Only the pictures are to be dropped; the rest of the data below is to be duplicated exactly.

» Stored records:
━━━

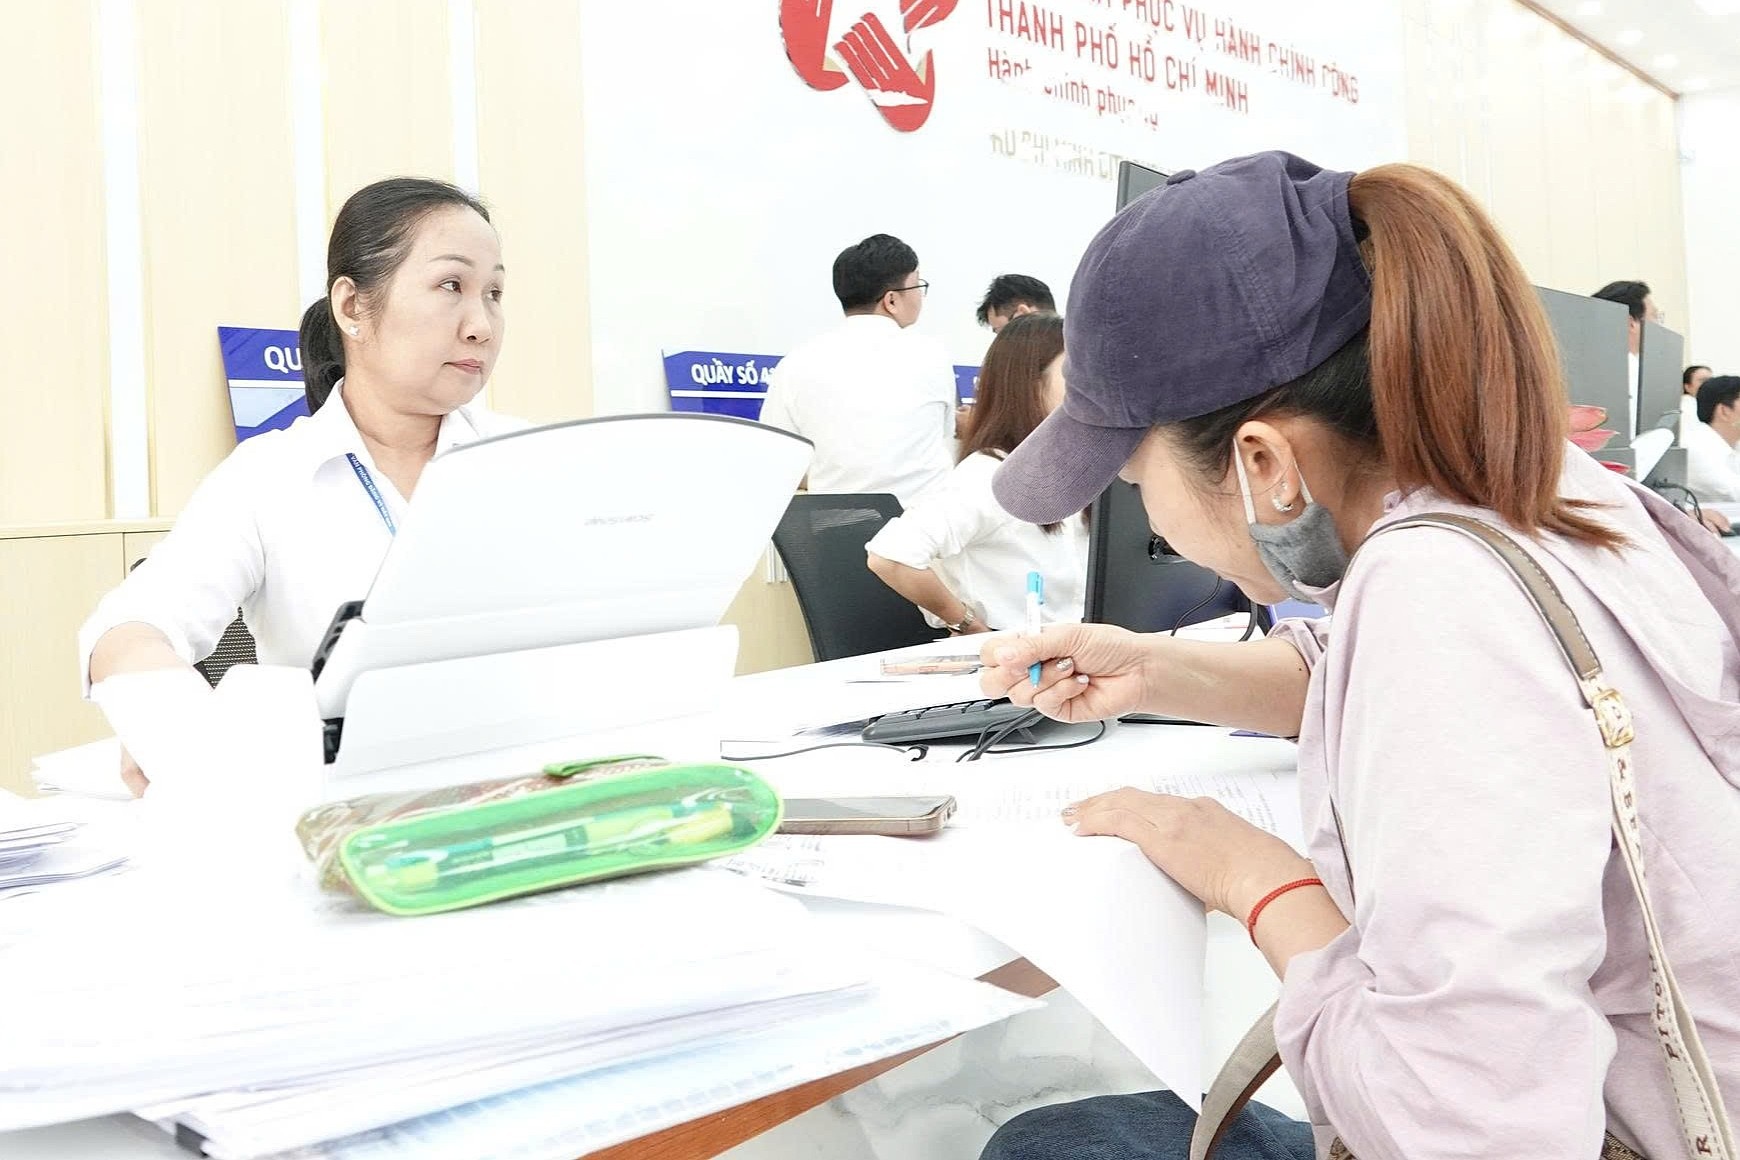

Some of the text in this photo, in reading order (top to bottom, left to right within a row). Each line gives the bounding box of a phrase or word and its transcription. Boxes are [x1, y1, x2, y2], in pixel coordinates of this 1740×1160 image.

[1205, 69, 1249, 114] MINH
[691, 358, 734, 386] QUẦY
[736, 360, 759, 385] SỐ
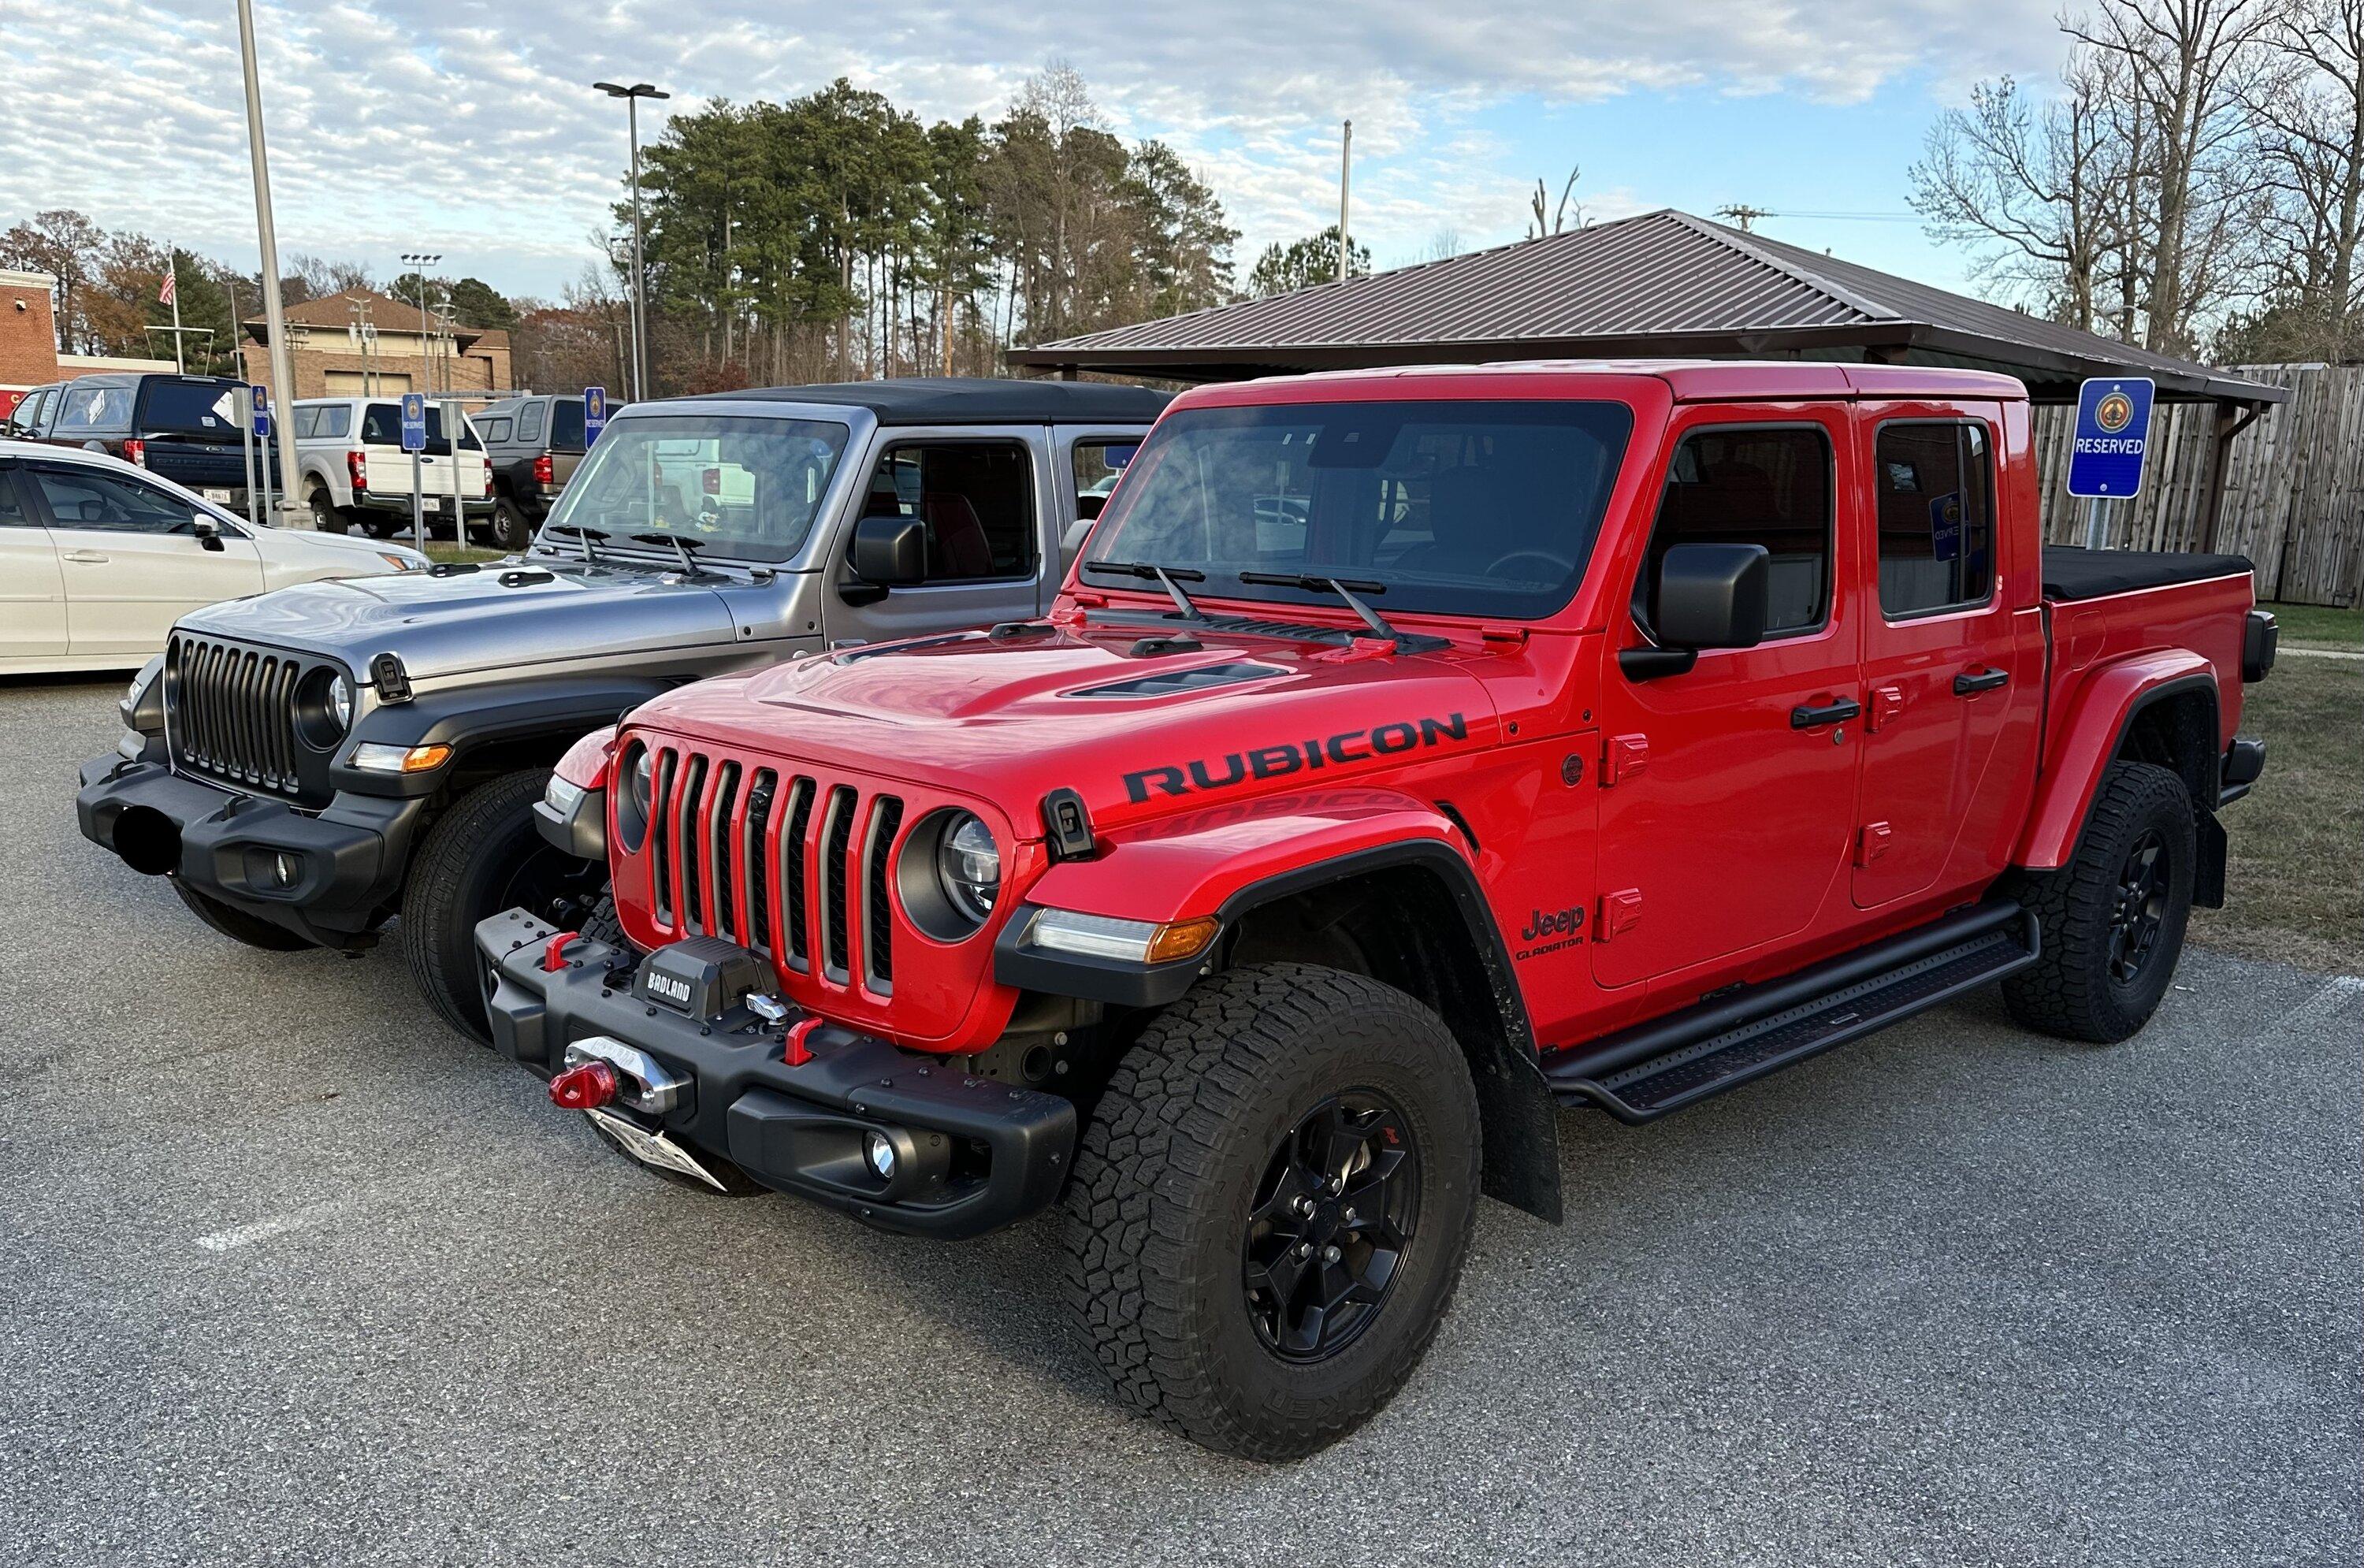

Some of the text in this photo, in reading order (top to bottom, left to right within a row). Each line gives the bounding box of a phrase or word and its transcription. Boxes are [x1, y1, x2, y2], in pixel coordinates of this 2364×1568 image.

━━━

» ANSWER TO THE EXERCISE:
Some of the text in this photo, in reading order (top to bottom, left to right within a row). Each line gives the bounding box of a phrase or word and its transcription. Boxes are [x1, y1, x2, y2], in pixel coordinates of this 1740×1160 image.

[1205, 69, 1249, 114] MINH
[691, 358, 734, 386] QUẦY
[736, 360, 759, 385] SỐ

Some of the text in this photo, in reading order (top to bottom, left to right within a row). Each line gives the bounding box of a phrase or word and its transcription. Boxes are [x1, y1, x2, y2], in pixel coordinates of this 2364×1568 image.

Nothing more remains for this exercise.